I don’t mean any harm, but I work at a public library and alot of homeschooler families seem slightly.... how should I say this.... otherworldly, weird, set-apart? They don’t seem to communicate well with other people outside of their family unit. Ofcourse I am generalizing, but the few families I have met have shy, spacey type moms and children who run around leaving books all over and keeping up alot of noise. But when they come to check out, they clam up like they are afraid they’re going to be devoured by strangers. ..Just my observation.
Hey, you could be one of OUR local librarians! Maybe you're intimidating those homeschoolers. I often get the feeling my local librarians consider me an exotic species, a city slicker come into their midst by some unknowable yet suspect motive. For my part I consider them stiff-necked, chilly and provincial, just short of xenophobic. I've been trying to break the ice for nine years.
Nine years.
We go there at least once a week (would be more if not for the genius in the house and her 5000+ books), and I make a cash donation at least once a month. We are extremely quiet and we don't borrow the trash (and they have lots of that). We're always pleasant when we speak to them. We still get no friendly hello, and I don't know their names.

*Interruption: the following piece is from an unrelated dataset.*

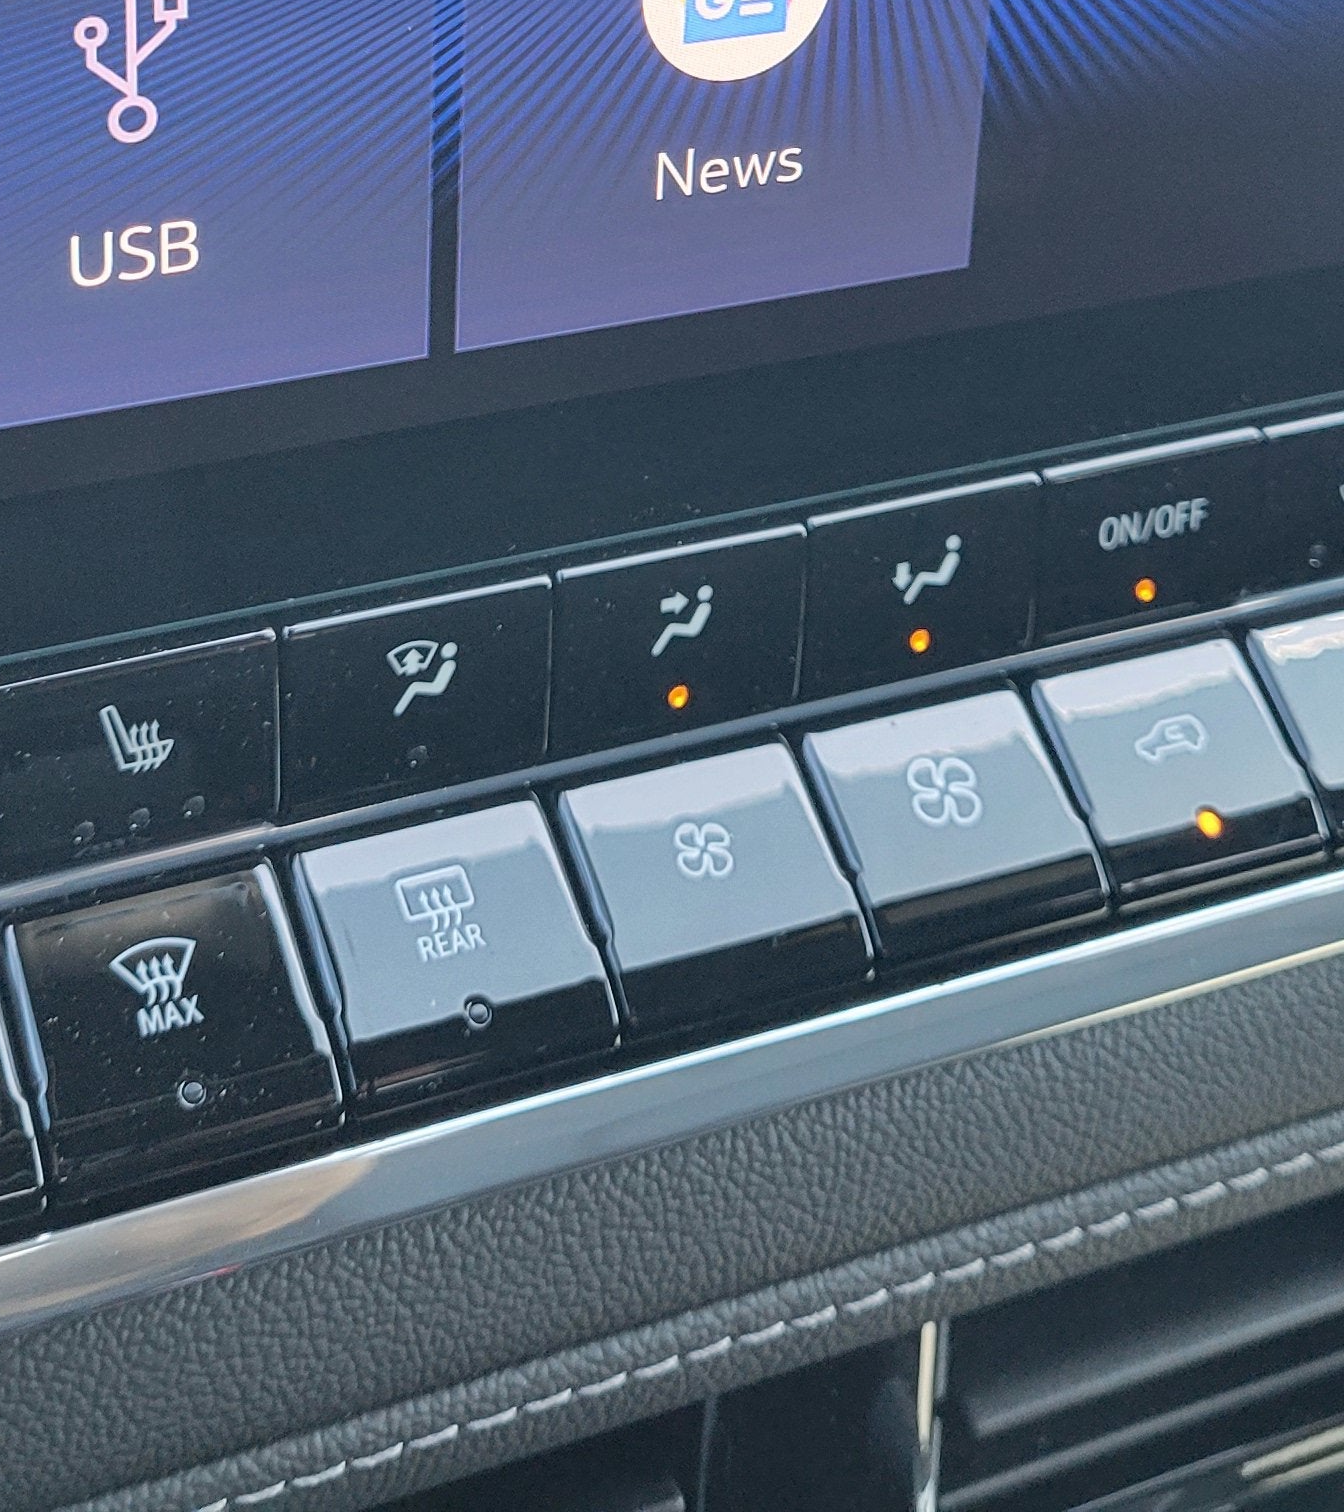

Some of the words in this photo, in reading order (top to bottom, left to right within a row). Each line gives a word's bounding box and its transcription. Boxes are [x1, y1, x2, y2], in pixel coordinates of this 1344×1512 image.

Not complaining, there are lots of people like that in this area. But it's almost as if we have the misfortune to resemble folks on wanted posters.
All of which has nothing to do with you I'm sure, and I mean no harm either. Just saying, people hold one another at a distance these days, and at a distance you have to infer things, and read into things, with the ingredients at hand (your own preconceptions mostly!) And that's not as authentic as, say, a five-minute chat with a stranger at a bus stop or in a checkout line. One day perhaps we'll run into a librarian at the market; she'll find out we haven't horns, and we'll finally see her smile.
We see a lot of missionary kids visit our church while their parents are speaking. They’re all home-schooled. All of them have been “weird” compared to the other kids, in that they’re more polite, neater, better able to converse with adults, and brighter overall. Weird, but in a good way.